# Work order
Return the entries below in their exact form, leaving the pictures out.

# Provided records
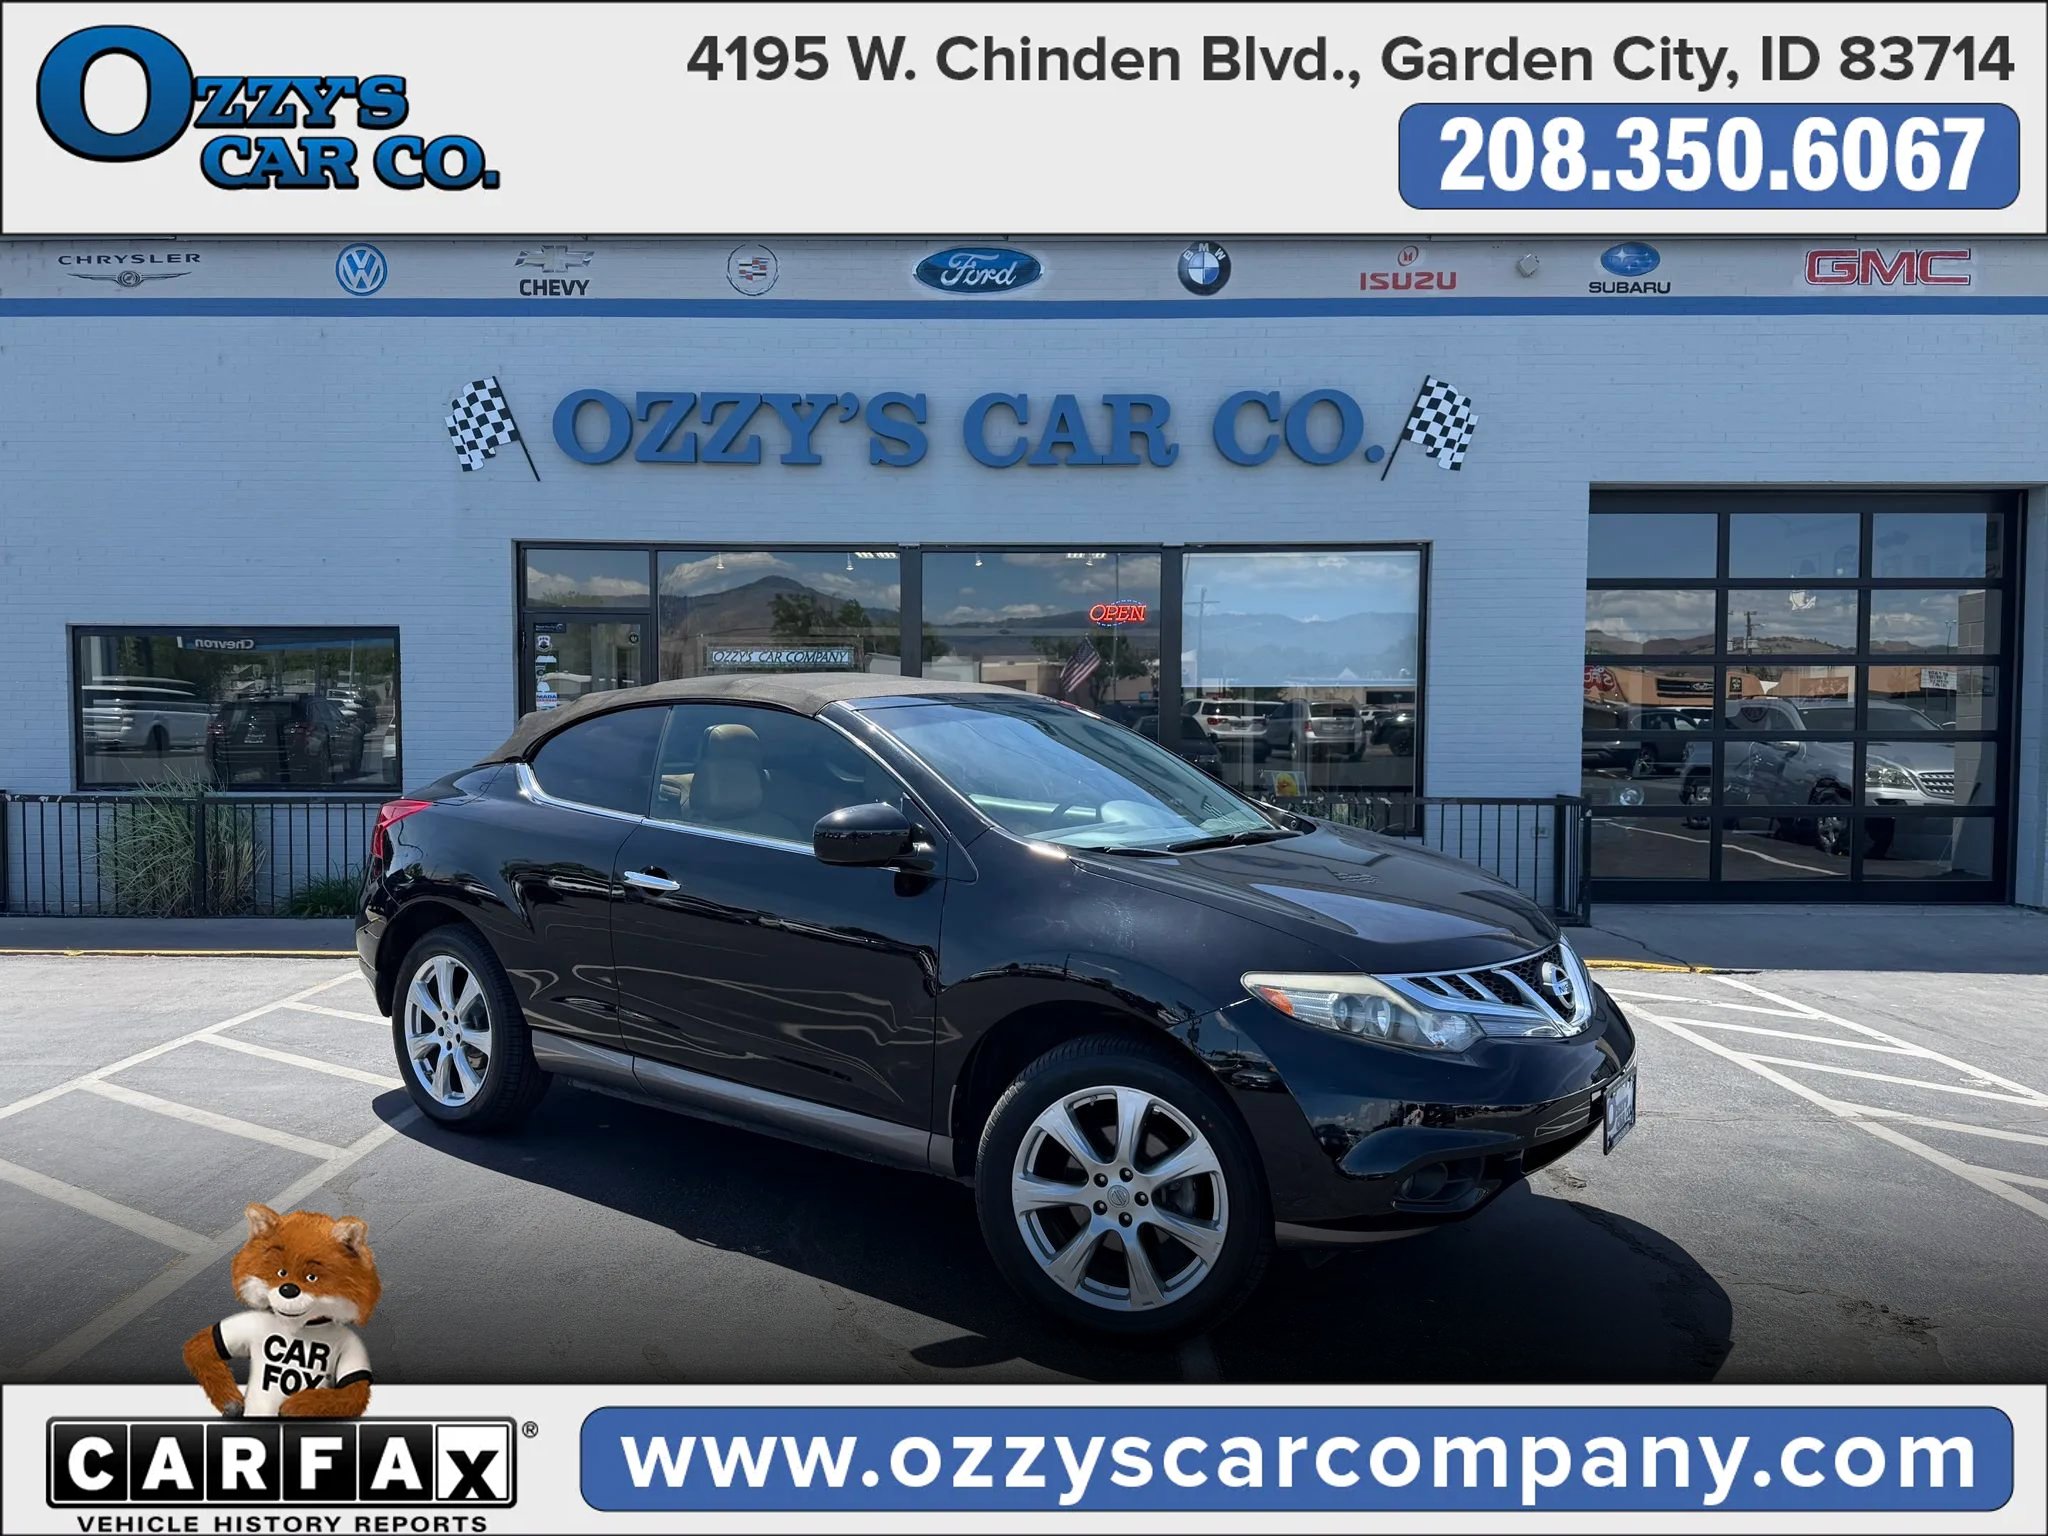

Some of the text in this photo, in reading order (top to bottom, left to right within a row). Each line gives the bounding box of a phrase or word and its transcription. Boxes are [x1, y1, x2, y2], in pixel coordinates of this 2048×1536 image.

[58, 252, 200, 266] CHRYSLER
[1183, 242, 1226, 260] BMW
[940, 252, 1017, 287] Ford
[1805, 249, 1971, 286] GMC
[519, 279, 590, 297] CHEVY
[1360, 271, 1457, 291] ISUZU
[1588, 281, 1671, 294] SUBARU
[552, 388, 1386, 468] OZZY'S CAR CO.
[1089, 603, 1147, 622] OPEN
[713, 650, 847, 663] OZZY'S CAR COMPANY

# Result of this task
Some of the text in this photo, in reading order (top to bottom, left to right within a row). Each line gives the bounding box of a phrase or word and its transcription. Boxes are [x1, y1, x2, y2], in pixel coordinates of this 2048×1536 image.

[58, 252, 200, 266] CHRYSLER
[1183, 242, 1226, 260] BMW
[940, 252, 1017, 287] Ford
[1805, 249, 1971, 286] GMC
[519, 279, 590, 297] CHEVY
[1360, 271, 1457, 291] ISUZU
[1588, 281, 1671, 294] SUBARU
[552, 388, 1386, 468] OZZY'S CAR CO.
[1089, 603, 1147, 622] OPEN
[713, 650, 847, 663] OZZY'S CAR COMPANY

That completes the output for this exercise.